Naturalmente que siempre con el temor de que el Baalshem le dijera algo
malo sobre su hijo. Tanto más grande fue su asombro cuando un buen día el
Baalshem le habló con suave voz y le dijo:
- ¿Sabes que sobre tu hijo se apoya un tercio del mundo?
El auténtico judío se inclina ante la absoluta potencia del
espíritu y la pureza de los principios, prescindiendo por completo de toda
diferencia de criterio. Ya se trate del Baalshem en esta anécdota, o de los
judíos del este europeo junto a la tumba de su gran opositor, es siempre el
mismo leitmotiv de la veneración por
la verdadera grandeza espiritual.
No podemos hacer girar la rueda hacia atrás. Los suplicantes
junto a la tumba, que quizás no estén
del todo libres de supersticiosos egoísmo, no pueden servirnos de
ejemplo. Pero, ¿quién nos impide buscar, a nuestra manera y conforme a nuestros
principios, la misma íntima relación espiritual con el pasado de Israel? ¿Hemos
cumplido siempre con nuestro deber para con el espíritu judío y universal?
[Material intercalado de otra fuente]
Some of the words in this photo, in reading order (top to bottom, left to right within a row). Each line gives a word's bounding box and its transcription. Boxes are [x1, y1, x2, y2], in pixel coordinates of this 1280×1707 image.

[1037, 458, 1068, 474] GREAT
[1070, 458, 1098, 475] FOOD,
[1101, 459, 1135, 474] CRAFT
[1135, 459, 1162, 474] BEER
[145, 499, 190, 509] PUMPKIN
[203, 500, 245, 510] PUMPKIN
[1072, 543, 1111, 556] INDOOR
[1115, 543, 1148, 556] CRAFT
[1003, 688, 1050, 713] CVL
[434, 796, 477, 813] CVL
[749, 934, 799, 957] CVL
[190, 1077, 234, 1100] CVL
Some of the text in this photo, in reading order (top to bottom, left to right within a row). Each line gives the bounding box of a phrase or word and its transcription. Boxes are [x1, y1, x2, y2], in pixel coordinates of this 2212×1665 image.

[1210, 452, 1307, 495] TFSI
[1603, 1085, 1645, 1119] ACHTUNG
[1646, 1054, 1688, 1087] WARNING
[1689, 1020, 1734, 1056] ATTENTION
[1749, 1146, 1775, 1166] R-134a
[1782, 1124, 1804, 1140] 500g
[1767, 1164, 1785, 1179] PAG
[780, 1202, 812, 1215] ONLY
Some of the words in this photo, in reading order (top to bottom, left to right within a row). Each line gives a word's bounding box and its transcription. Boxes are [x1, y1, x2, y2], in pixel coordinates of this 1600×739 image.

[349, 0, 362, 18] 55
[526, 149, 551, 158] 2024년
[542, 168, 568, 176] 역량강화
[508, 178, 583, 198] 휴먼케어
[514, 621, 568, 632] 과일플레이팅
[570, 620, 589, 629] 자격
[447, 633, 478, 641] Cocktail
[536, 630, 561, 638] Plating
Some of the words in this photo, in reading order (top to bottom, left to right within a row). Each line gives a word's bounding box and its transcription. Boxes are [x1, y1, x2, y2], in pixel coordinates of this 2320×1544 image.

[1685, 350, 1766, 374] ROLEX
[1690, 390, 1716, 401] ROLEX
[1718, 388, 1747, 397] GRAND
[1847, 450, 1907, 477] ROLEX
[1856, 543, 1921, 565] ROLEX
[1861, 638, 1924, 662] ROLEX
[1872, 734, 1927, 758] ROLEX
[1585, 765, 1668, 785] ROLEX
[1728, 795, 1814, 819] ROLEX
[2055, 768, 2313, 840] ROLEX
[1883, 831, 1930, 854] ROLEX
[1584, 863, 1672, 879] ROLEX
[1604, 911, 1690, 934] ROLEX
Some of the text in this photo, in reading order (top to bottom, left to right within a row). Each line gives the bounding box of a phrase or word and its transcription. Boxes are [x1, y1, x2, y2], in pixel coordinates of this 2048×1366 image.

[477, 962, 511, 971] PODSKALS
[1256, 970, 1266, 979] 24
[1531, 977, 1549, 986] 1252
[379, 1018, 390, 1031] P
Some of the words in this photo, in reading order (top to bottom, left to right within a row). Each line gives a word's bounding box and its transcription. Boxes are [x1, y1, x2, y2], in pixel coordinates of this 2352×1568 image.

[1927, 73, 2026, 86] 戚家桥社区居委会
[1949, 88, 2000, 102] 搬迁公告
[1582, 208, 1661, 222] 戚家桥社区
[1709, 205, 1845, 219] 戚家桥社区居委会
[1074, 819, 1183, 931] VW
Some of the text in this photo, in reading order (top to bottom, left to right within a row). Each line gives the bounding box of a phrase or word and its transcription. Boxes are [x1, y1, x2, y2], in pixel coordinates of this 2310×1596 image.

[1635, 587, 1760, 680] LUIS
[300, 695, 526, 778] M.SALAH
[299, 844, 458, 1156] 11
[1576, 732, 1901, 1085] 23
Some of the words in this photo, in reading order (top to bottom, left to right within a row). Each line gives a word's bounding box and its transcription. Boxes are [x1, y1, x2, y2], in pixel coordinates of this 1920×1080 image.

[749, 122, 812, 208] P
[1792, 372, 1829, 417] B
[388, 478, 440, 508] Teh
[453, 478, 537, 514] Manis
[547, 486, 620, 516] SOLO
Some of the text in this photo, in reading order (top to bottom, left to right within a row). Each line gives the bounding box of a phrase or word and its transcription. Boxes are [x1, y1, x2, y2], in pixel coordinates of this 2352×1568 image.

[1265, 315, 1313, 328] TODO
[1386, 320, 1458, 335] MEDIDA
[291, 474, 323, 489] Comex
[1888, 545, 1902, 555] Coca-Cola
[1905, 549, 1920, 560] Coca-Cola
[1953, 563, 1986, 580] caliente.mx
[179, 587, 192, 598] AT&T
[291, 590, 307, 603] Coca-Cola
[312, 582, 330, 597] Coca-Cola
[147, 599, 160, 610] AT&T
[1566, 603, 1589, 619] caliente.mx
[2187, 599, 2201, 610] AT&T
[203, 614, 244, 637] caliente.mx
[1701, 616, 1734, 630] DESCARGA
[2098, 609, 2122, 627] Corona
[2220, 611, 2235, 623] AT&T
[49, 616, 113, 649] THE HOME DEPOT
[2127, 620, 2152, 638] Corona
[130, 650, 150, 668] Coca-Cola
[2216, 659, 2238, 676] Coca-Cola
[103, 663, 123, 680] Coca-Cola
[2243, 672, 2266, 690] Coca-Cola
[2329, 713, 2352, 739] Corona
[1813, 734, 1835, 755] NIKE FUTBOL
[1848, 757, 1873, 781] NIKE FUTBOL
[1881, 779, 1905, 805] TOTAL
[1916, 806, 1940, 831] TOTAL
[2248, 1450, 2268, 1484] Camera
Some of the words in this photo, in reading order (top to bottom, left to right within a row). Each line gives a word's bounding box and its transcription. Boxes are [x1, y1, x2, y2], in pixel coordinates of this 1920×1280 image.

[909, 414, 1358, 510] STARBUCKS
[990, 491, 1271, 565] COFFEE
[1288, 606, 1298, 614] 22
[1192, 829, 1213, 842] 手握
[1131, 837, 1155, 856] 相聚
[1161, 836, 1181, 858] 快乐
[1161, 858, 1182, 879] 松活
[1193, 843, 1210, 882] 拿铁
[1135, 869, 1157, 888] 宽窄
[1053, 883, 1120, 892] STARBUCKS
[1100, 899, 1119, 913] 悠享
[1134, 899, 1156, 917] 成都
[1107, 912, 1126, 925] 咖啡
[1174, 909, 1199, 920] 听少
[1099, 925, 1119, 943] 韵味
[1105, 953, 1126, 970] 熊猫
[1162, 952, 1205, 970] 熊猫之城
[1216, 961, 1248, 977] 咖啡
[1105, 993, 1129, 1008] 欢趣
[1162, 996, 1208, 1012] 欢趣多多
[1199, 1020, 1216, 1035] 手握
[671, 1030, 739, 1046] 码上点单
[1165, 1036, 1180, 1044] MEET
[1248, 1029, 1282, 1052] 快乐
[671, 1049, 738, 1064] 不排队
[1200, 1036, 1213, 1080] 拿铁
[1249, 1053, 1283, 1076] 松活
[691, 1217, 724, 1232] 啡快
Si
nos dirigiéramos con ese interrogante en el alma a las tumbas de nuestros
héroes del espíritu en la época de los días de penitencia, ¿quién sabe si estos
no se trocarían en verdaderos “días de penitencia” para nosotros?
*Existe la costumbre de colocar junto a la tumba de un ser
querido diversos deseos y ruegos inscritos en trocitos de papel.
** Fundador del jasidismo.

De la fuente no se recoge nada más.